Seanna Walsh welcomed Jeffrey Donaldson into West Belfast last Wednesday night to participate in a Feile debate before pointing out the absurdity of the unionist demand.
"Jeffrey, when you talk about the IRA's capacity to make war, I can go out of here tonight with a couple of hundred pounds in my pocket and purchase the equipment to make Baltic Exchange/Canary Wharf type bombs. How are you going to remove that capacity?"
Jeffrey didn't and couldn't answer the question and merely repeated the mantra.
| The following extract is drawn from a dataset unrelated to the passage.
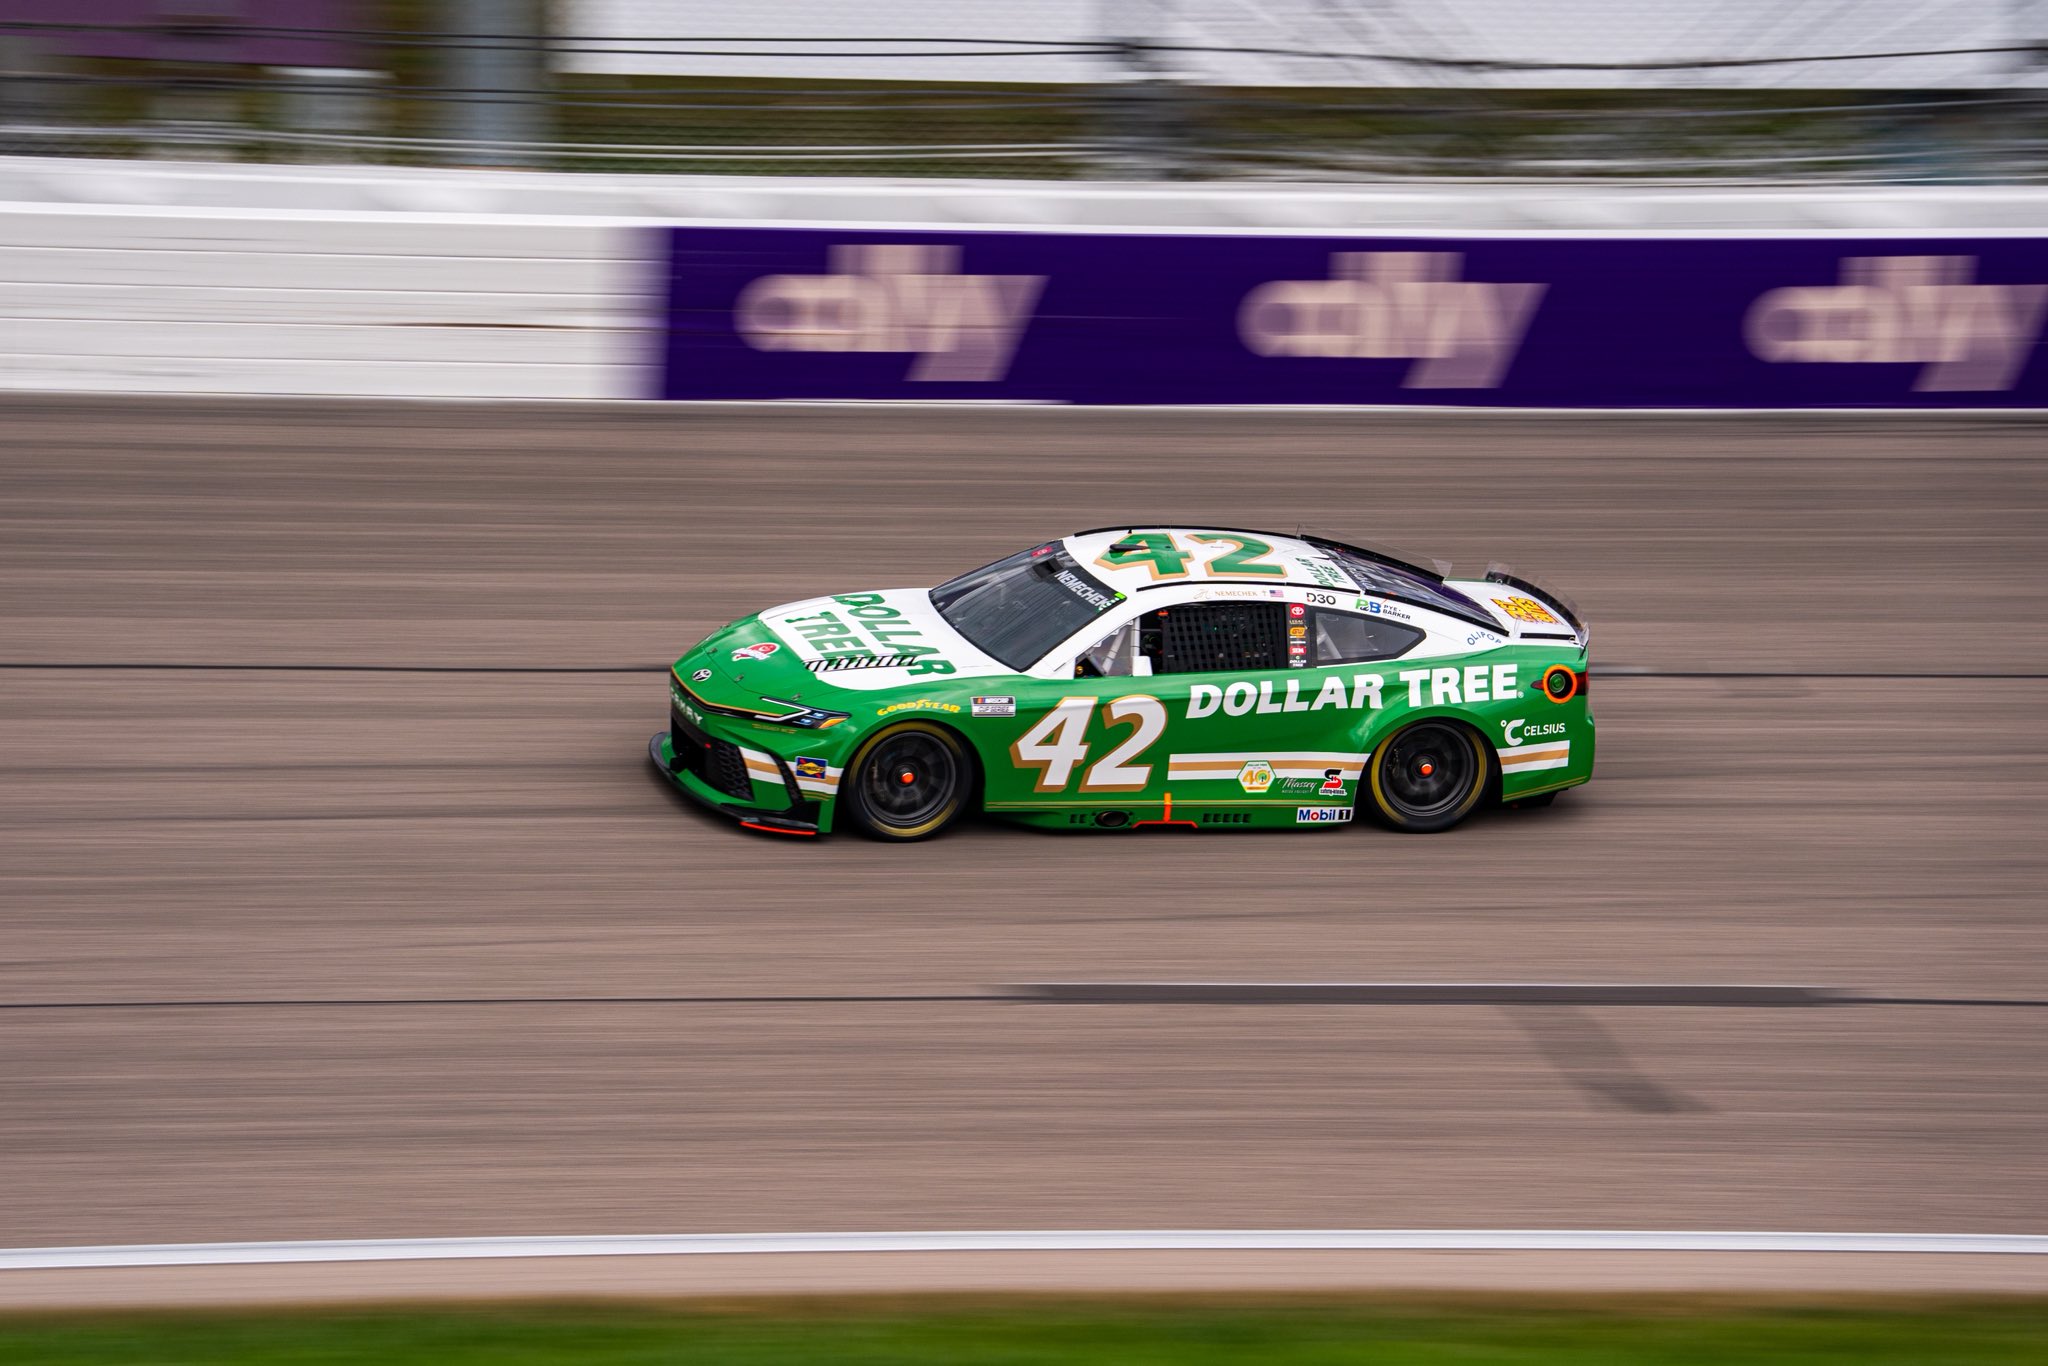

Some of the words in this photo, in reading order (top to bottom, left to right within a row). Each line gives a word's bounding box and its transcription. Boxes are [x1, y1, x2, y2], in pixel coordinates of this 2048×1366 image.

Later, Seanna said, "The demand for decommissioning doesn't make sense. Unionists say they don't trust republicans so how would they know if the IRA really did decommission all of its weapons? They base their analysis and numbers on what weapons it is estimated the IRA had brought into the country until 1987. But they have no idea what the IRA might have brought into the country up until it decided to no longer import weapons.
"The point I was making was that I can produce homemade explosives and mortars. You cannot decommission that knowledge. What is more important is our commitment to peace and to politics. But all of the initiatives taken by the IRA to date have had absolutely no effect on the unionist community. Trust is a two-way street. We suspect that at the root of it unionists cannot deal with equality and sharing power and that the idea of republicans being in government was a bridge too far for them. Everything else is an excuse not to go there."
Shortly, both unionist parties will be taking part with the British government and the other parties, including Sinn Féin, in a review of the implementation of the Belfast Agreement. Unionist leaders are taking their people nowhere unless they begin to face up to reality and to the truth.
If they don't, how can we trust them?